На наших глазах Василий Григорьевич пережил несколько потерь. Потерял мать Варвару Помпеевну, потерял брата Дмитрия Григорьевича. Еще несколько потерь и тяжкие испытания предстояли ему в близкие годы. Он умел сносить горе со скорбным достоинством, умел собраться, не отчаиваться, не погружать свою беду на других. Он продолжал работать, в работе ища успокоения.
Но такого горя, наверное, не было в его многотрудной жизни. Даже Василий Григорьевич пошатнулся.
В эти последние предвоенные годы я редко видел Яна. Неуместным считал себя около него, погруженного в горе, себя, столь молодого и счастливого. Кажется, Василий Григорьевич работал мало. «Батый» был уже написан и посвящен жене. О других работах ничего не знаю…

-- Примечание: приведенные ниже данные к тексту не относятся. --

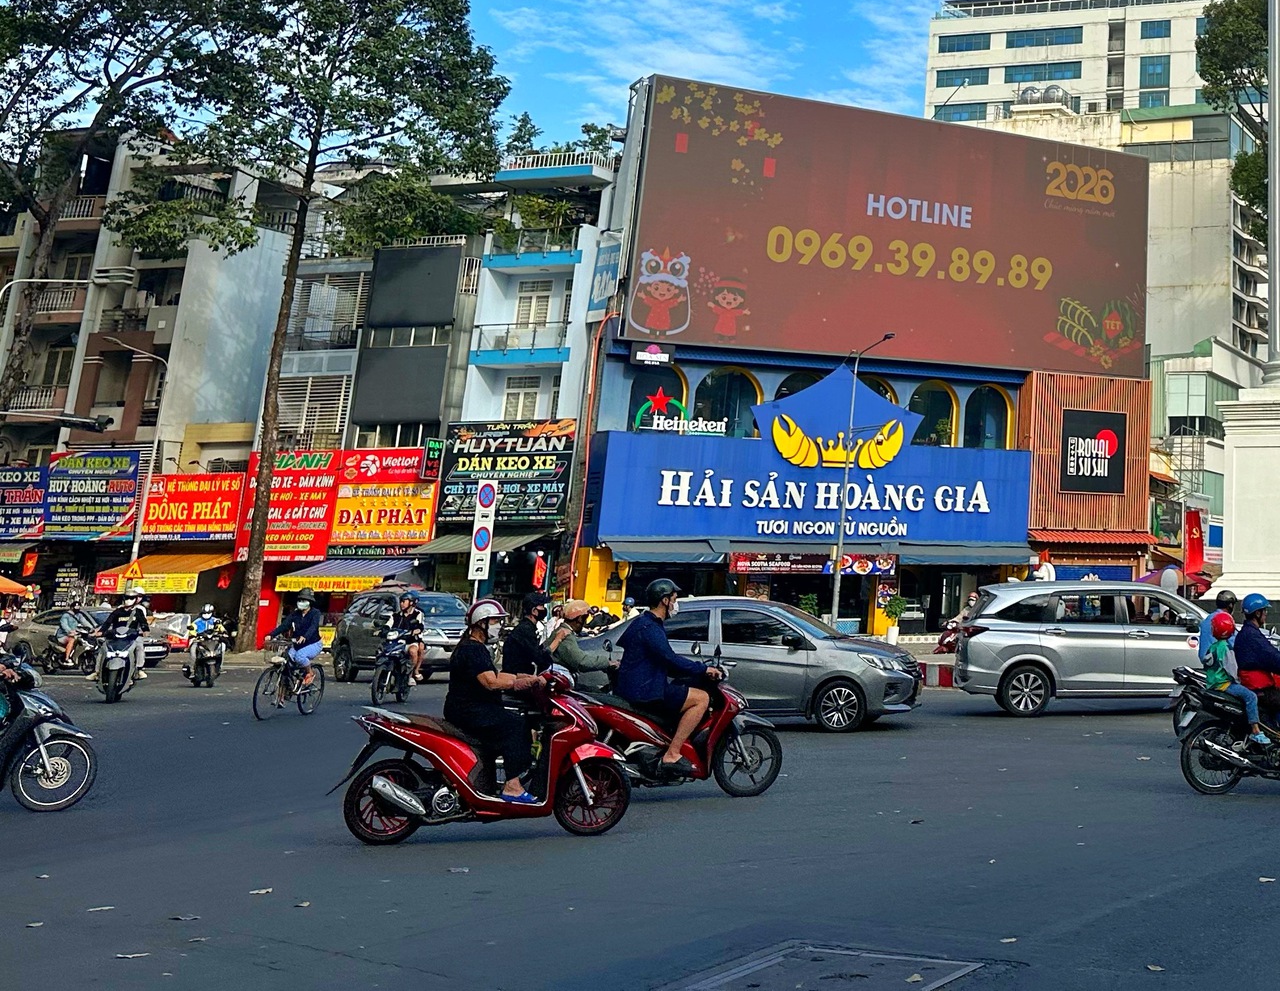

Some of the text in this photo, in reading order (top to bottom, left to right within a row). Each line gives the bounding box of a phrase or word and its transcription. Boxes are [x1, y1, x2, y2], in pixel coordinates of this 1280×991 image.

[1045, 161, 1115, 205] 2026
[866, 192, 973, 229] HOTLINE
[765, 224, 1053, 291] 0969.39.89.89
[652, 414, 728, 433] Heineken
[1078, 437, 1111, 459] ROYAL
[382, 456, 419, 468] Vietlott
[456, 454, 557, 472] DÁN KEO XE
[1078, 457, 1109, 477] SUSHI
[23, 472, 40, 483] XE
[49, 477, 136, 494] HUY HOÀNG AUTO
[282, 476, 293, 488] XE
[298, 474, 315, 487] DÁN
[316, 472, 335, 487] KÍNH
[299, 492, 310, 501] XE
[465, 484, 478, 495] TE
[527, 483, 541, 493] XE
[542, 482, 565, 493] MÁY
[658, 468, 991, 514] HẢI SẢN HOÀNG GIA
[148, 493, 231, 521] ĐỒNG PHÁT
[339, 503, 428, 530] ĐẠI PHÁT
[11, 517, 22, 525] XE
[756, 515, 907, 536] TƯƠI NGON TỪ NGUỒN
[295, 532, 314, 541] LOGO
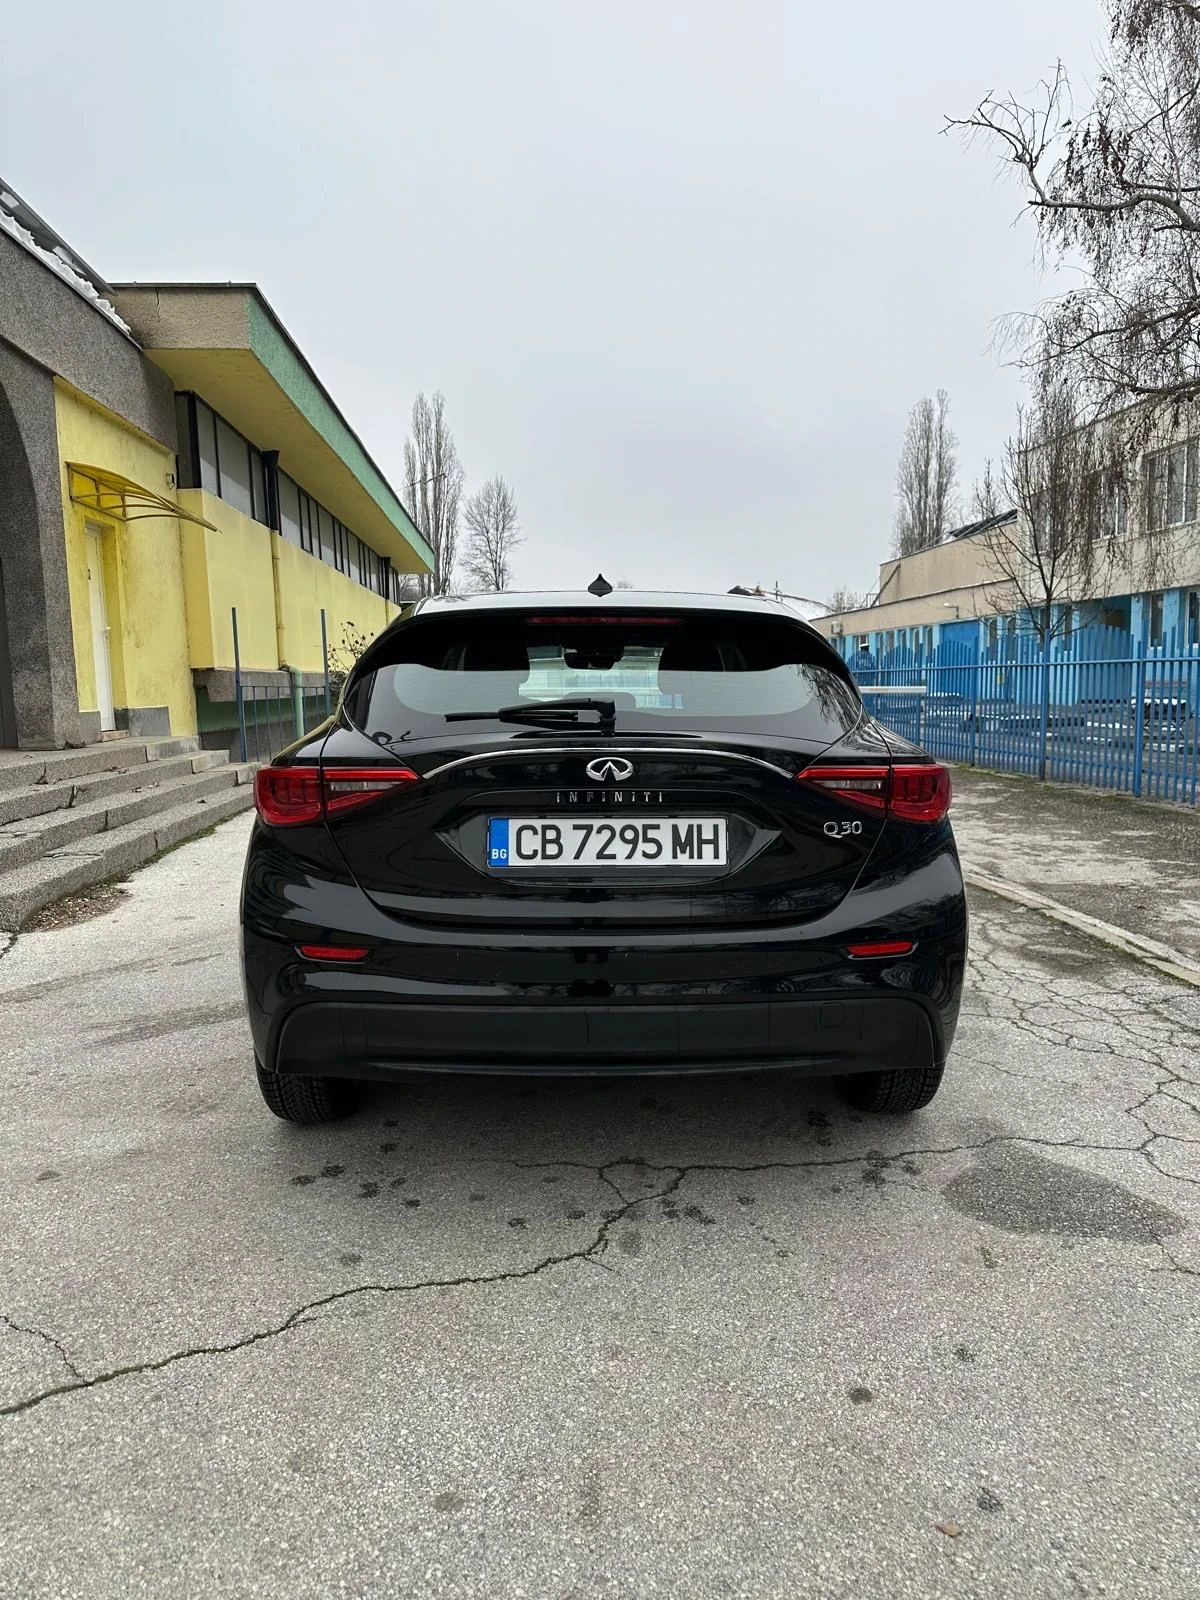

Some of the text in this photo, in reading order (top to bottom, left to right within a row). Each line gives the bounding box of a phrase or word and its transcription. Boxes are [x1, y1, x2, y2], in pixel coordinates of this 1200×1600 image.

[556, 791, 665, 804] INFINITI
[823, 820, 863, 839] Q30
[572, 823, 662, 861] 7295
[491, 848, 508, 861] BG

В начале войны, попав в эвакуацию в Самарканд, мои родители узнали, что Василий Григорьевич с семьей Миши находится в Ташкенте. Написали ему. Получили ответ. Постоянно обменивались письмами. В начале 1942 года с радостью получили известие о награждении Василия Яна Сталинской премией за «Чингисхана». Книга о нашествии, вышедшая три года назад, оказалась ко времени – актуальной и нужной. Послали Василию Григорьевичу поздравительную телеграмму.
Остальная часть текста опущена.